Her mother Jill Sommer, and PE teacher Mrs. Mathieu describe independence that astounds them. Even in preschool, Avy insisted on doing things herself. By first grade, she was jumping rope—sometimes with friends, sometimes alone—and throwing herself over hurdles on obstacle courses. "Nothing is an obstacle for her," Mrs. Mathieu marvels. "She just—it's a joy to watch her participate."


Every year brings new prosthetic legs through UW Children's Hospital in Madison, each pair chosen with patterns Avy selects herself. They're heavier than most imagine—a pound per leg—building remarkable strength in her small frame. Her mom jokes that "it hurts when she kicks people," which became clear when Avy wanted to play soccer. The worry wasn't whether she could play, but whether her prosthetics might injure other kids—a complex reality of being both vulnerable and powerful.


To see Avy truly shine, catch her on Field Day. She brings her "booties"—old prosthetic inserts that let her fly across the ground. "I wanted to show everyone how fast I could be," she explains, though she admits feeling "extra shy" wearing them. This complexity—wanting speed but feeling exposed achieving it—shows how eight-year-olds process difference. Mrs. Mathieu, who's cheered her through countless gym classes, sees the future clearly: "I can't wait. I mean, I see Paralympian."

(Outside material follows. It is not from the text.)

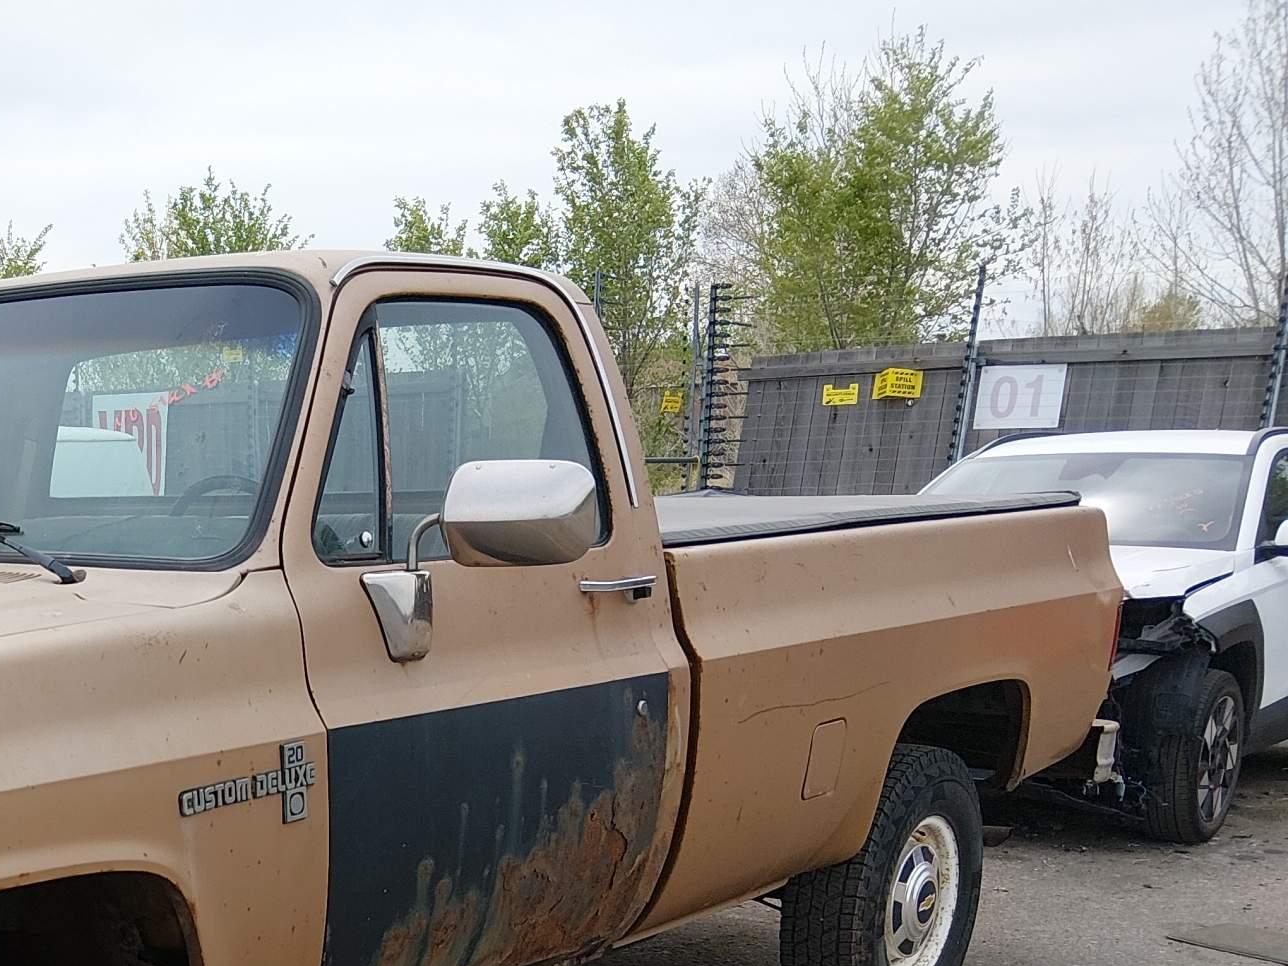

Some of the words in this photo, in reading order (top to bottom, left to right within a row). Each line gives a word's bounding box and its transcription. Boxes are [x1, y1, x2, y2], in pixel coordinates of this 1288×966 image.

But speed doesn't define Avy—joy does. She treasures playing with Gracie, Grady, and Faelyn, the three classmates from last year who moved up with her. She lights up discussing mini cheer camp, where she'll soon raise her voice alongside the Forreston Cardinals squad. "I wish Field Day was every day," she sighs.


For all her challenges, Avy remains wonderfully, ordinarily eight: wanting a light blue bike with streamers and a bell, eager to make clay snails in art class, determined to be part of everything rather than set apart from anything. Her presence makes classmates braver, teachers prouder, and her community stronger.


At eight years old, soon to be nine on October first, Avy embodies what many adults spend lifetimes learning—that obstacles rarely match their appearance, that independence grows from persistence, and that the right smile can carry you far. Someday, as that farmer, artist, or zookeeper, she'll keep teaching these truths. For now, Forreston gets the privilege of cheering her on, one jump rope at a time.